Abstract:
Rail corrugation intensifies the dynamic wheel-rail interaction, degrading ride comfort and shortening the service life of track components. Dynamic vibration absorbers (DVAs), also known as tuned mass dampers (TMDs), have been used to mitigate track vibration responses, and their potential to suppress corrugation has been recognized. This study undertook a systematic investigation of the single-mode rail corrugation-suppression performance of DVAs. A finite-element model of the single wheel-rail-corrugation suppressors system was established for a typical system using CHN60 steel rails and for LM profiled wheels, and complex eigenvalue analysis was employed to extract the equivalent damping ratio of the system. The corrugation-mitigation effectiveness of the DVAs was then assessed from two aspects: system stability and vibration response. The influence of the two dominant DVA parameters—stiffness and mass ratio—was clarified through a controlled-variable analysis. A global parameter-optimization scheme that integrated the cubic-spline interpolation with dense grid search was proposed to identify the optimal DVA design within a continuous parameter space.
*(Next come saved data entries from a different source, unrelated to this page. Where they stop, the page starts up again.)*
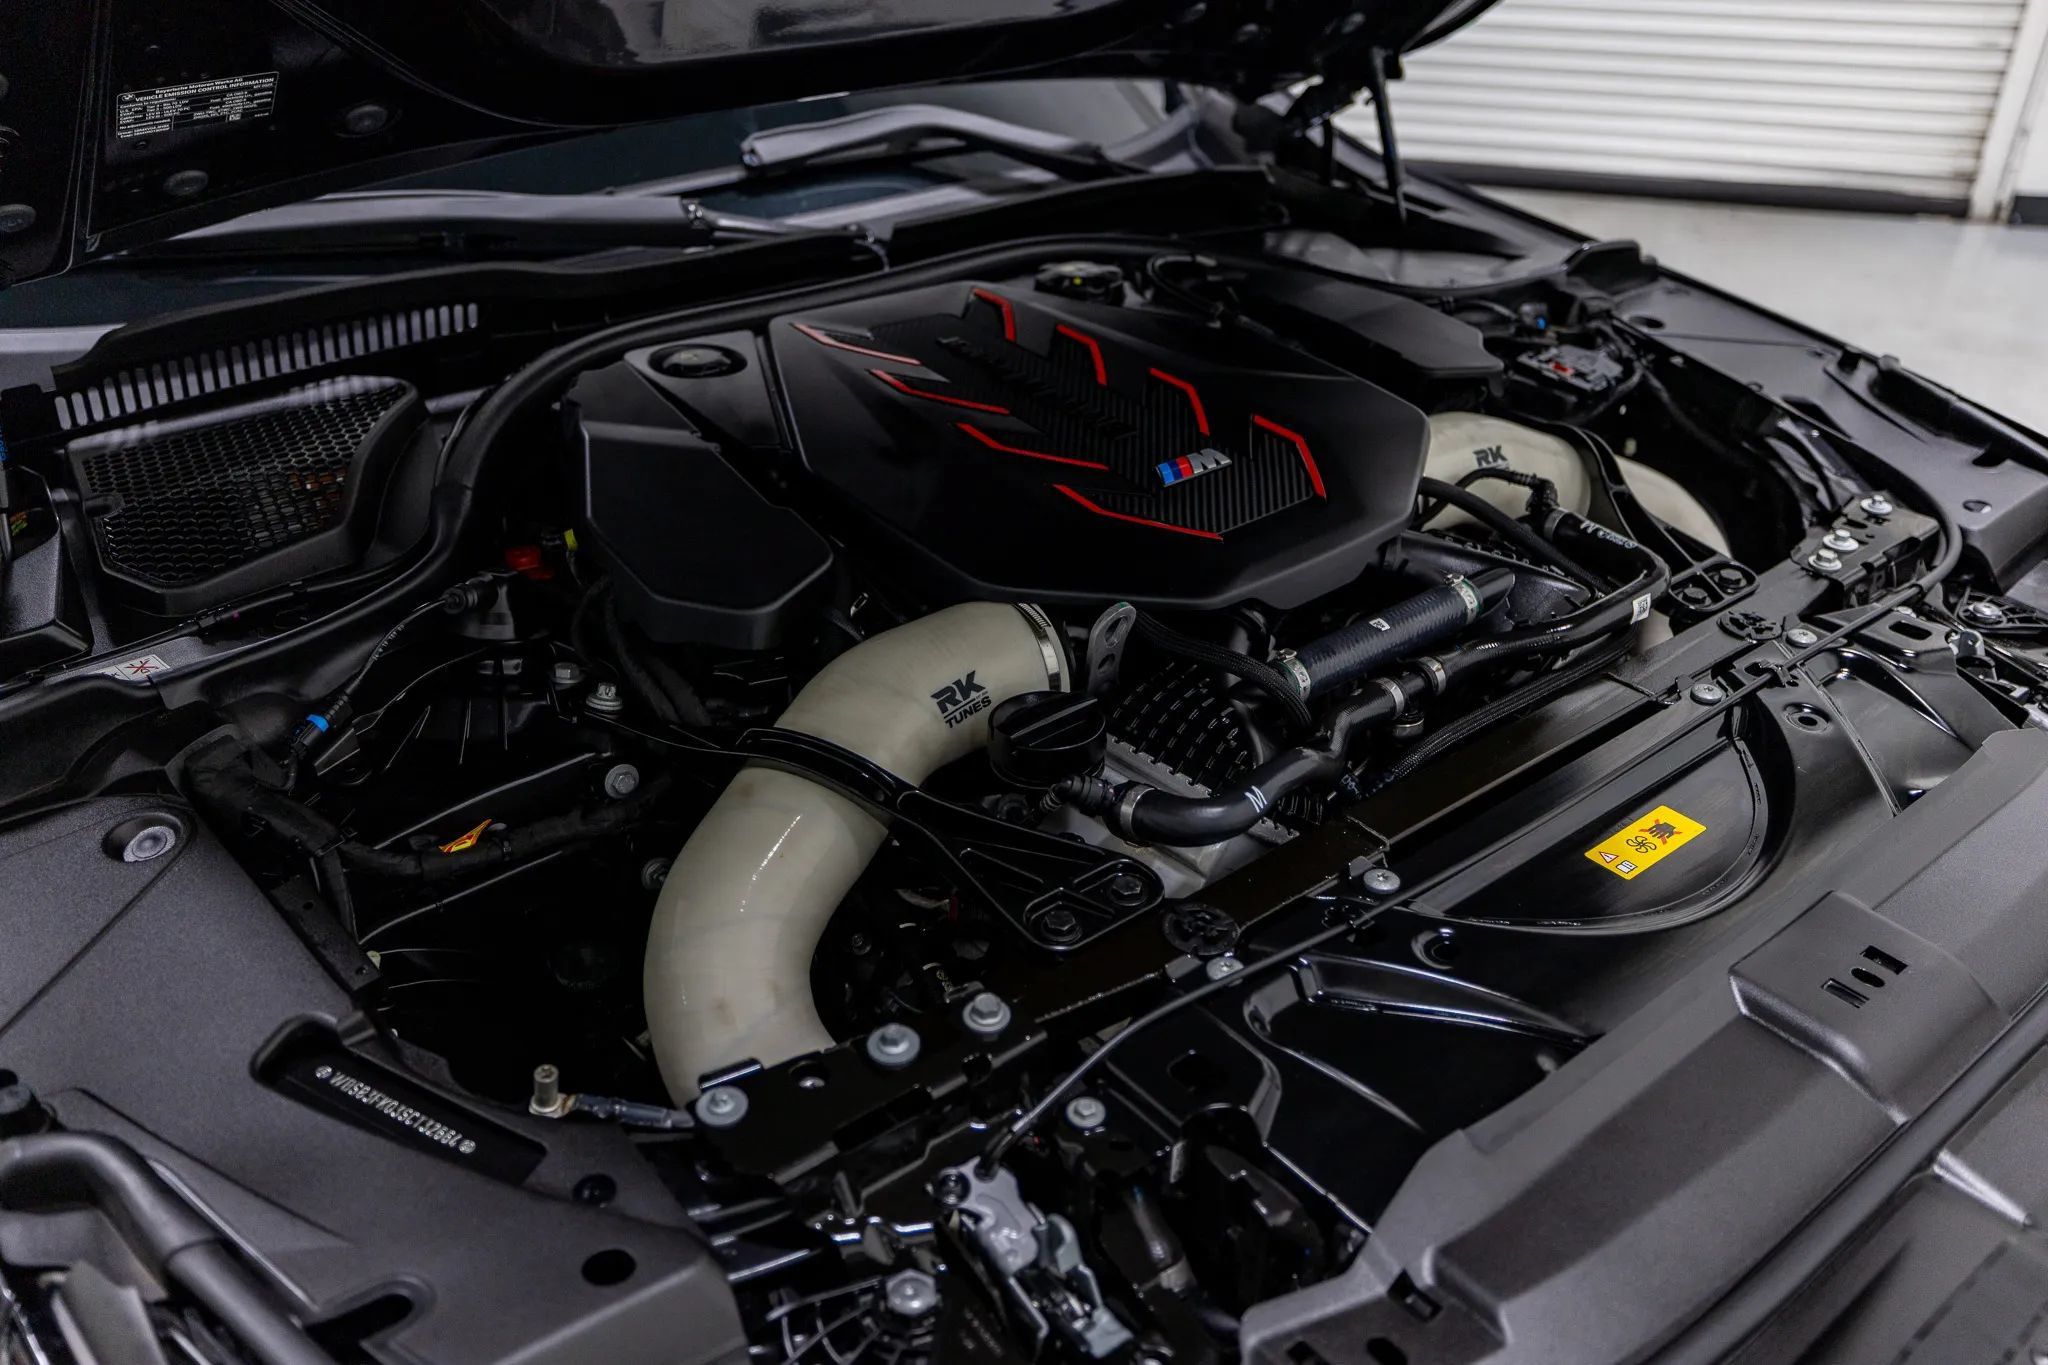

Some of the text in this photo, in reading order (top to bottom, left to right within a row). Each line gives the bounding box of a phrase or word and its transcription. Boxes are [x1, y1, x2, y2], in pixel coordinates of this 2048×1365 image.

[135, 78, 275, 102] VEHICLE EMISSION CONTROL INFORMATION
[155, 86, 188, 94] Bayerische
[1187, 448, 1233, 475] M
[1472, 445, 1509, 468] RK
[930, 670, 986, 714] RK
[945, 696, 992, 729] TUNES
[1244, 785, 1268, 813] M
The main findings were: The DVAs attenuated the friction-induced self-excited vibration of the wheel-rail system, raising the equivalent damping ratio of the originally unstable high-frequency mode from −
0.04993 to −
0.02753; Parametric analysis revealed that the stiffness and mass ratio were the tow key factors governing corrugation-suppression performances; The proposed optimization framework successfully extended the search from discrete cases to a continuous domain, yielding an optimal parameter set that further increased the minimum equivalent damping ratio to -0.00666.